The problem: Copy the records below exactly, but leave out any picture they contain.

Data:
++++++

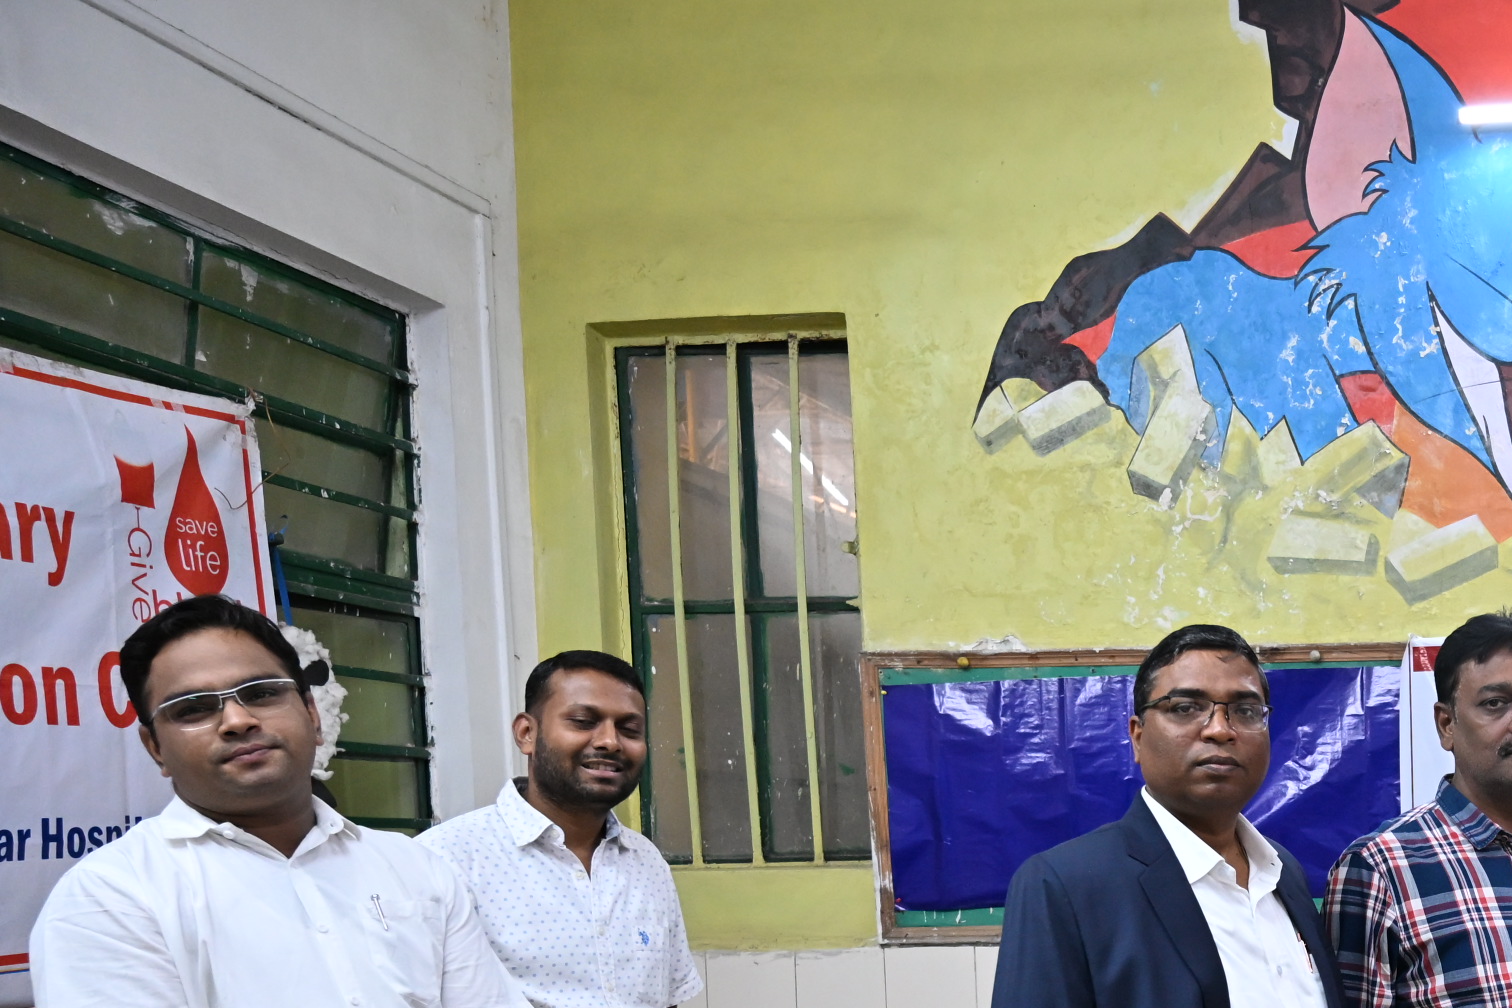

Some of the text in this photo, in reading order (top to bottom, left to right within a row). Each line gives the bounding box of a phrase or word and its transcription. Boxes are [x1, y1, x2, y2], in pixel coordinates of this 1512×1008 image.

[176, 517, 218, 537] save
[127, 527, 154, 623] Give
[178, 538, 221, 575] life
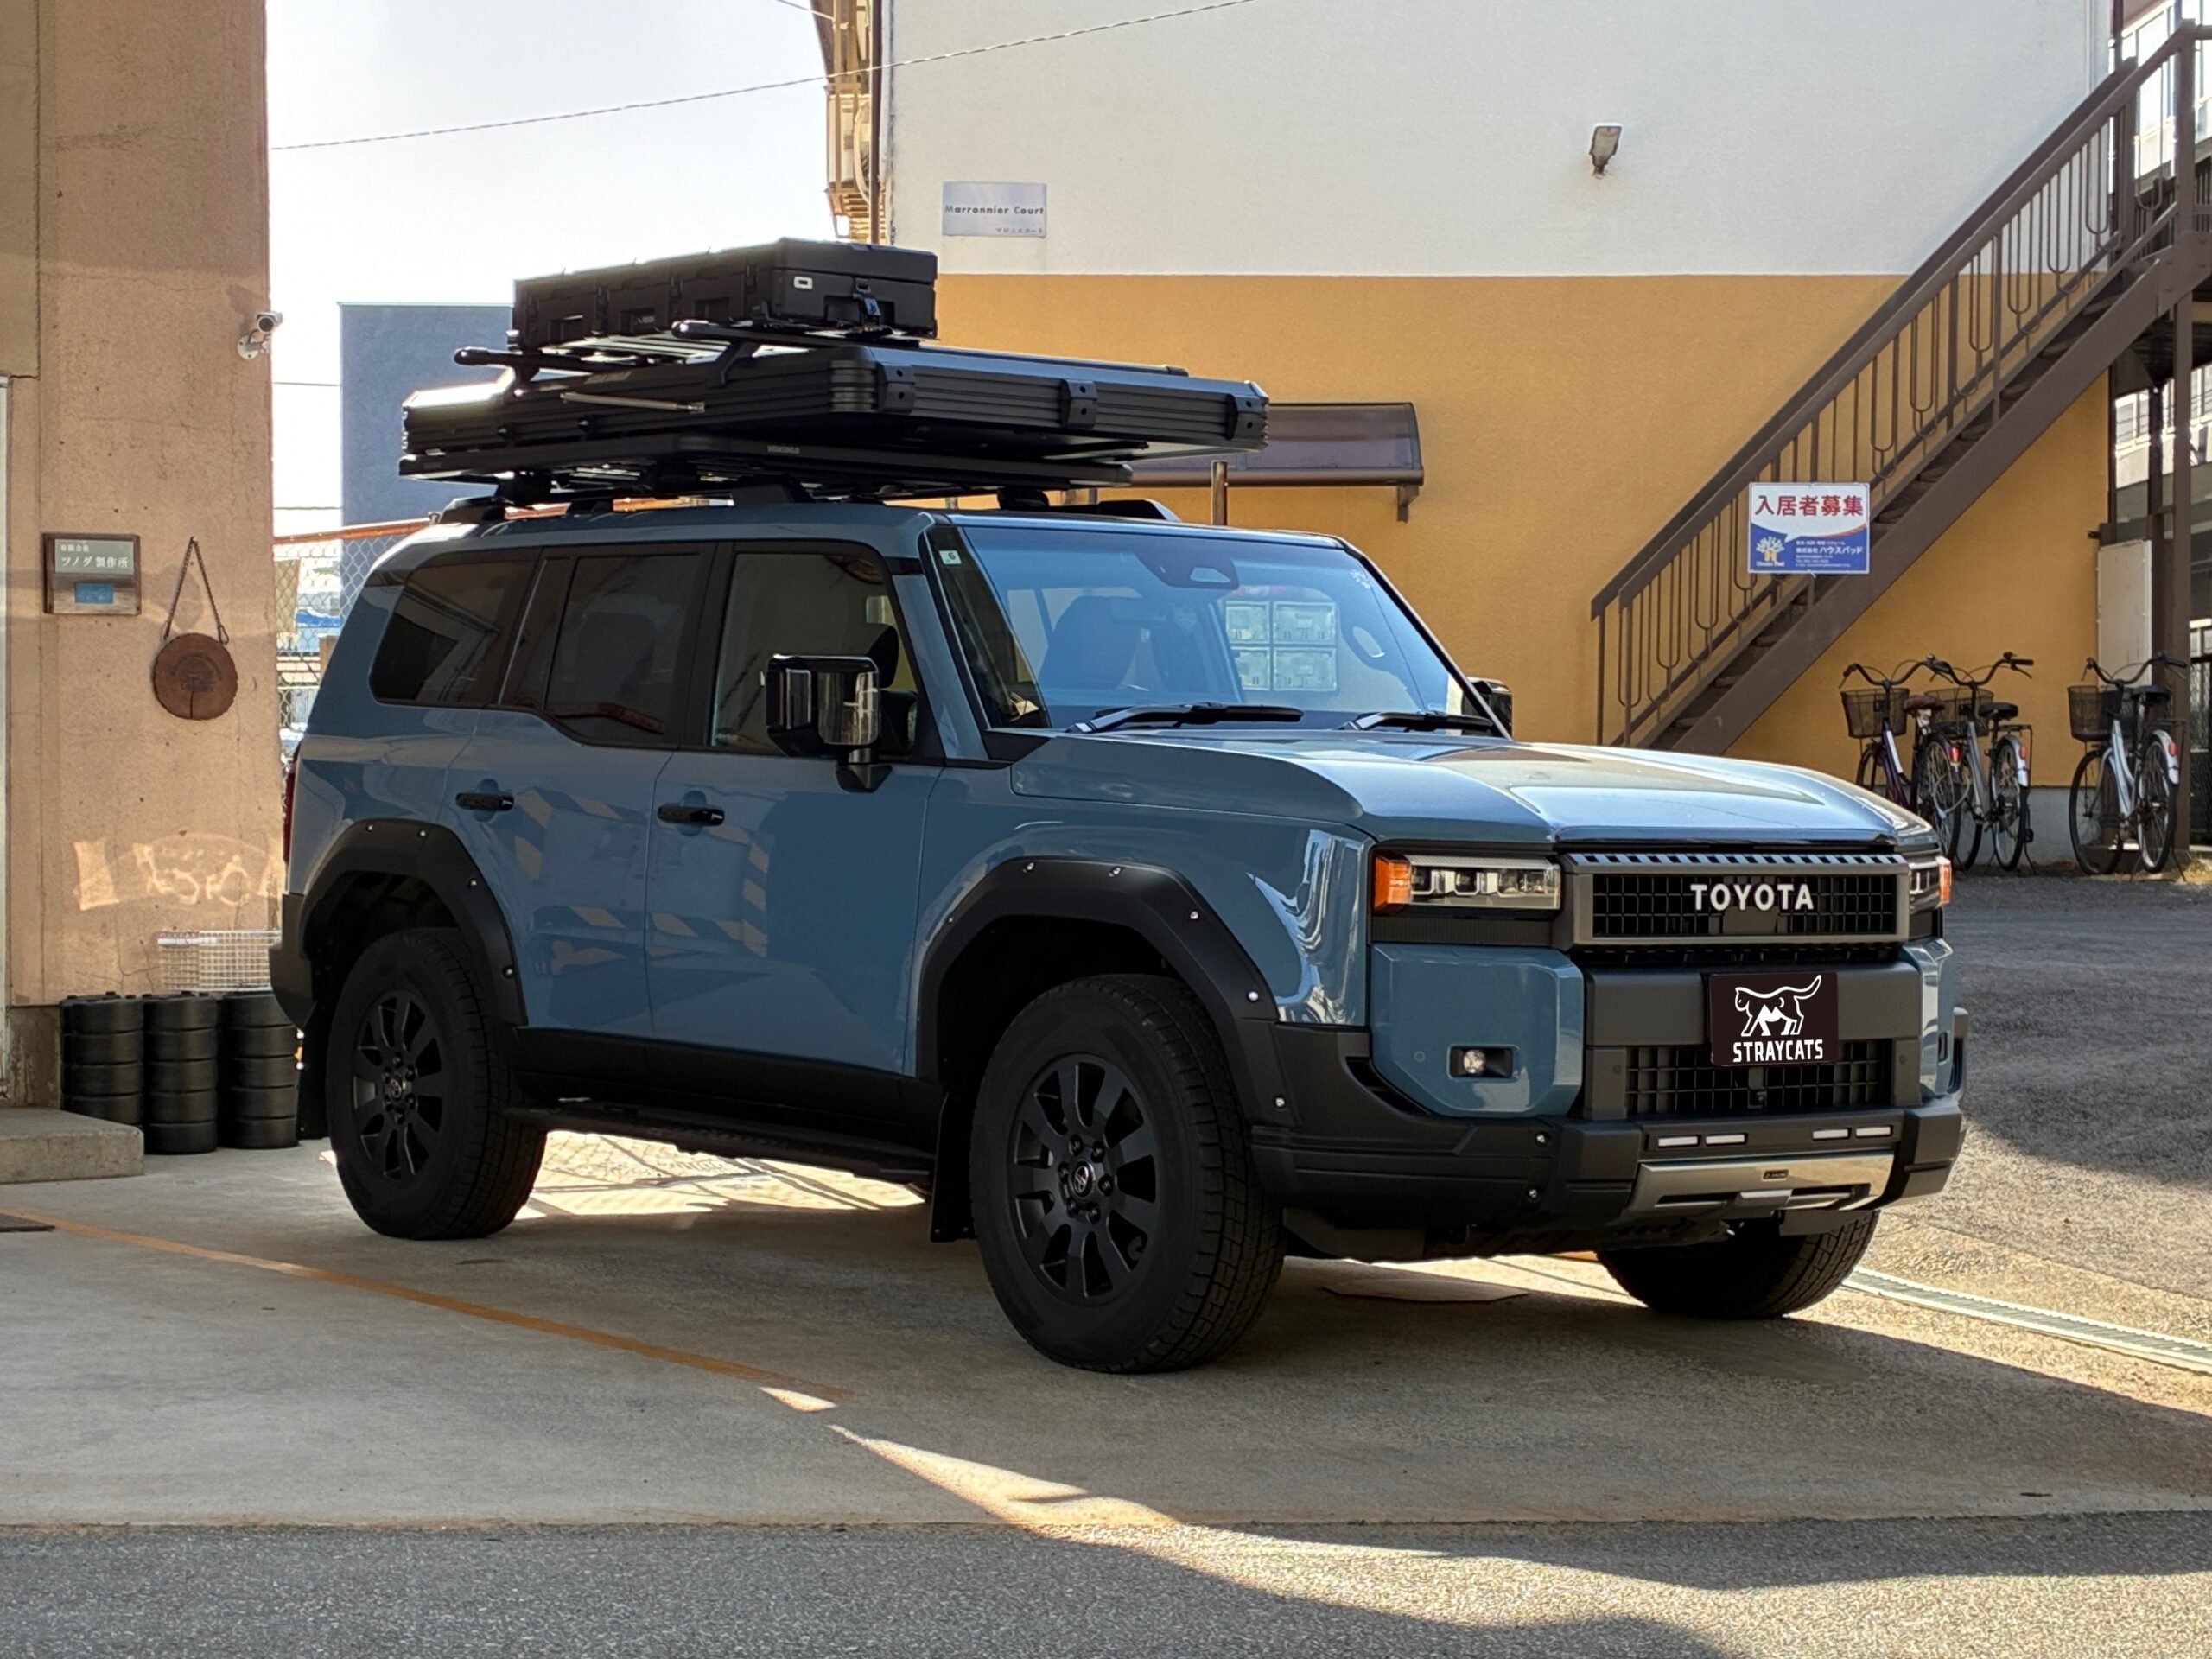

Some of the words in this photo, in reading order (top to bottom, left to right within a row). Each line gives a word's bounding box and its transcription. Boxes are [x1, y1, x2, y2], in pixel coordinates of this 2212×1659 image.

[944, 205, 1009, 214] Marronnier
[1014, 205, 1044, 215] Court
[1755, 494, 1864, 517] 入居者募集
[1690, 883, 1815, 911] TOYOTA
[1732, 1039, 1823, 1063] STRAYCATS

++++++

Result for this task:
Some of the text in this photo, in reading order (top to bottom, left to right within a row). Each line gives the bounding box of a phrase or word and its transcription. Boxes are [x1, y1, x2, y2], in pixel coordinates of this 1512×1008 image.

[176, 517, 218, 537] save
[127, 527, 154, 623] Give
[178, 538, 221, 575] life

Some of the words in this photo, in reading order (top to bottom, left to right within a row). Each line gives a word's bounding box and its transcription. Boxes are [x1, y1, x2, y2], in pixel coordinates of this 2212×1659 image.

[944, 205, 1009, 214] Marronnier
[1014, 205, 1044, 215] Court
[1755, 494, 1864, 517] 入居者募集
[1690, 883, 1815, 911] TOYOTA
[1732, 1039, 1823, 1063] STRAYCATS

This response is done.